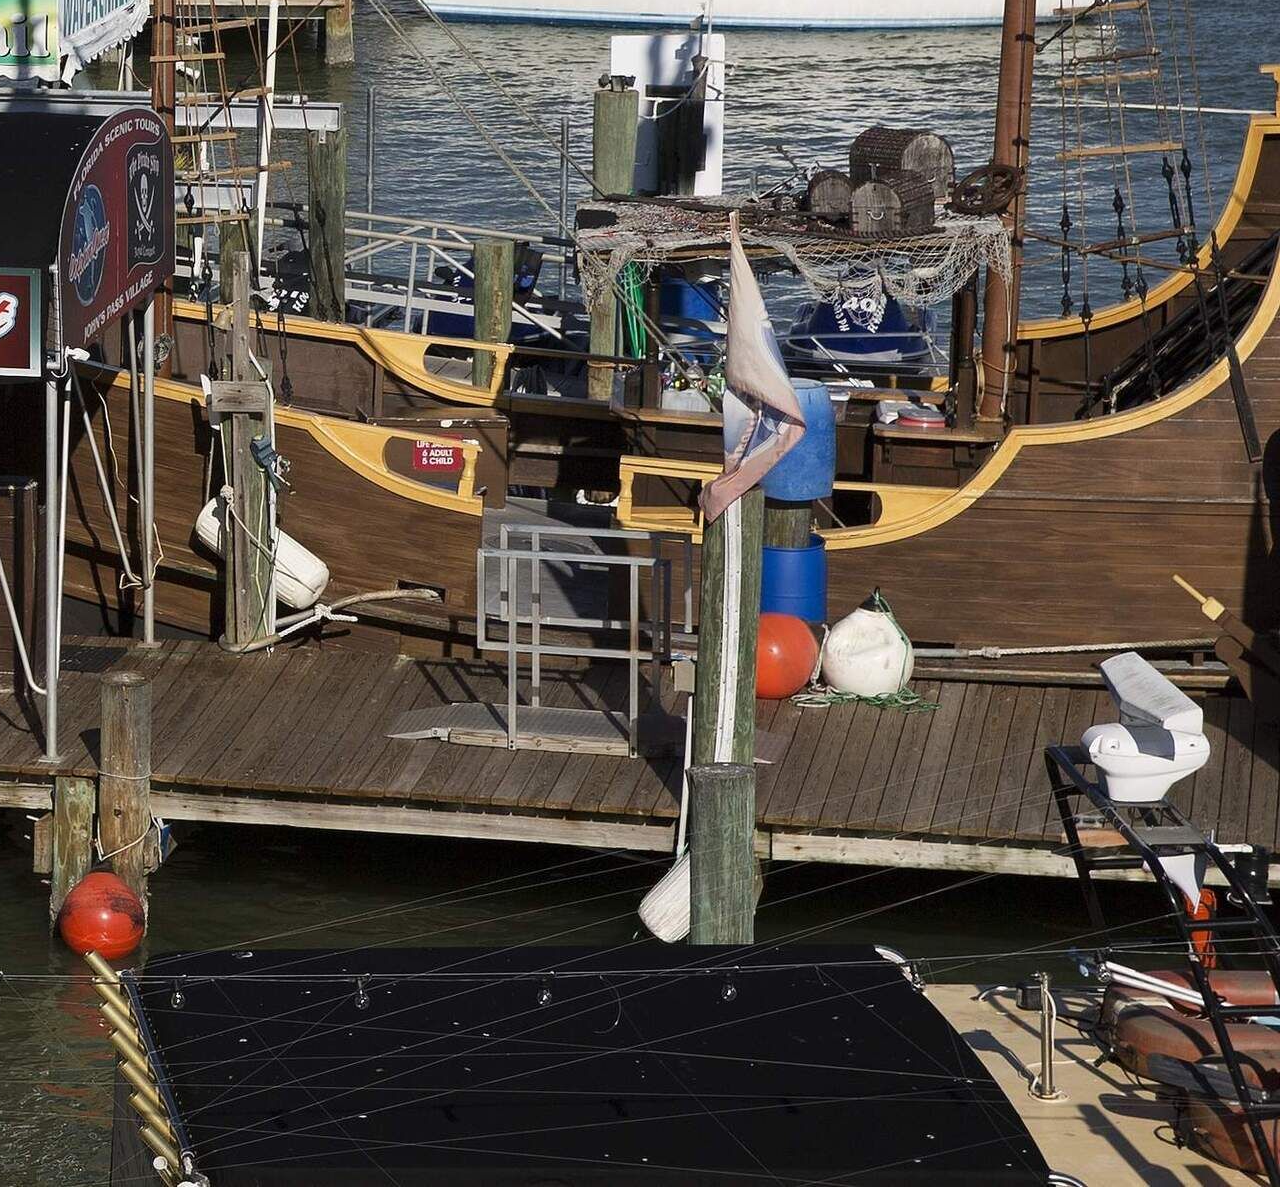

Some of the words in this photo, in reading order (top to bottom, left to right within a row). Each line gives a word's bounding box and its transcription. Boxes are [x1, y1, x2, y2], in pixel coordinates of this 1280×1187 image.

[104, 120, 133, 147] SCENIC
[134, 118, 160, 136] TOURS
[106, 294, 124, 320] PASS
[125, 270, 154, 302] VILLAGE
[429, 449, 453, 457] ADULT
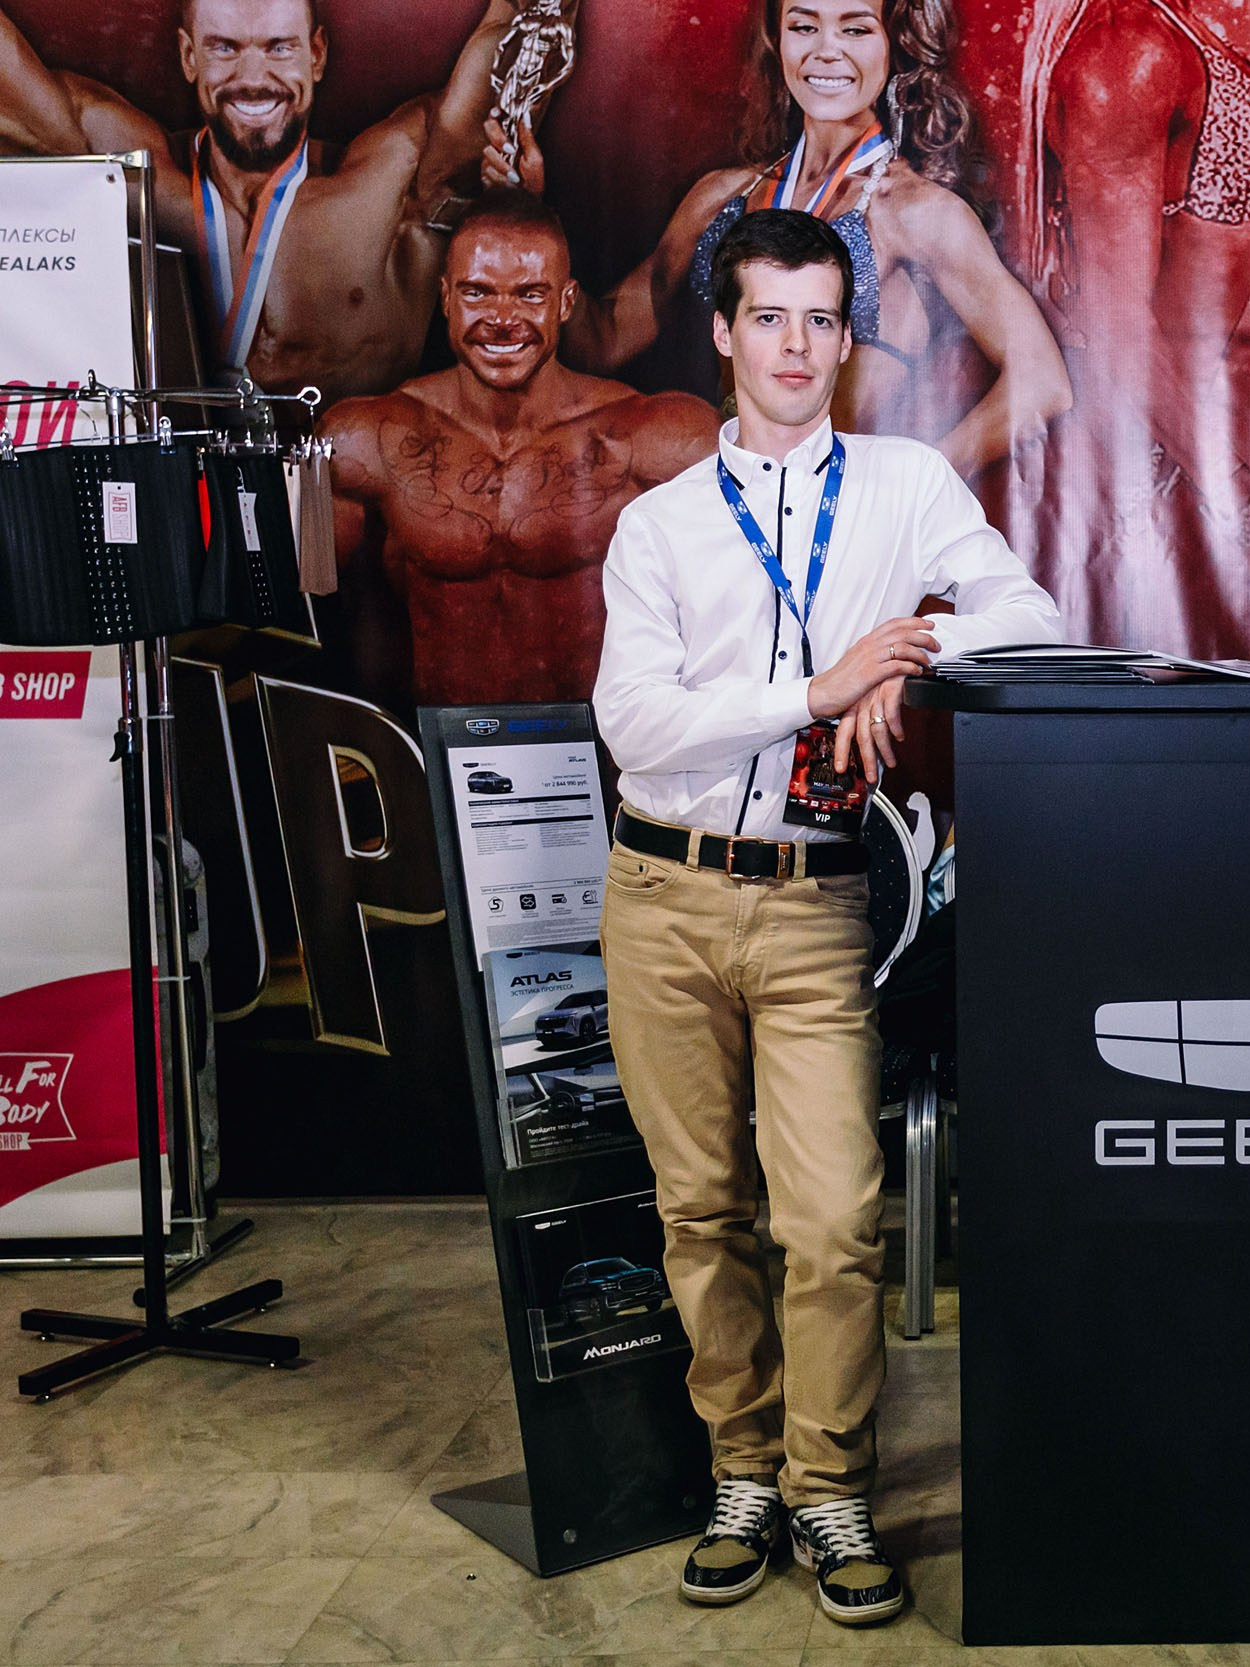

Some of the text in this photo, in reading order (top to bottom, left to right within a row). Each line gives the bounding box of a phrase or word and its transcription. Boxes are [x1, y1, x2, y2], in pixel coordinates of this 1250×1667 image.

## WHAT IS NEEDED
Line by line, write out the material exactly, leaving the images out.

## YOUR SOLUTION
Some of the words in this photo, in reading order (top to bottom, left to right within a row). Each line gives a word's bounding box and its transcription. Boxes are [x1, y1, x2, y2], in pixel coordinates of this 1280×1187 image.

[104, 120, 133, 147] SCENIC
[134, 118, 160, 136] TOURS
[106, 294, 124, 320] PASS
[125, 270, 154, 302] VILLAGE
[429, 449, 453, 457] ADULT

Some of the text in this photo, in reading order (top to bottom, left to right within a row). Each line gives the bounding box of a phrase or word and its transcription. Boxes are [x1, y1, x2, y2], in pixel coordinates of this 1250×1667 image.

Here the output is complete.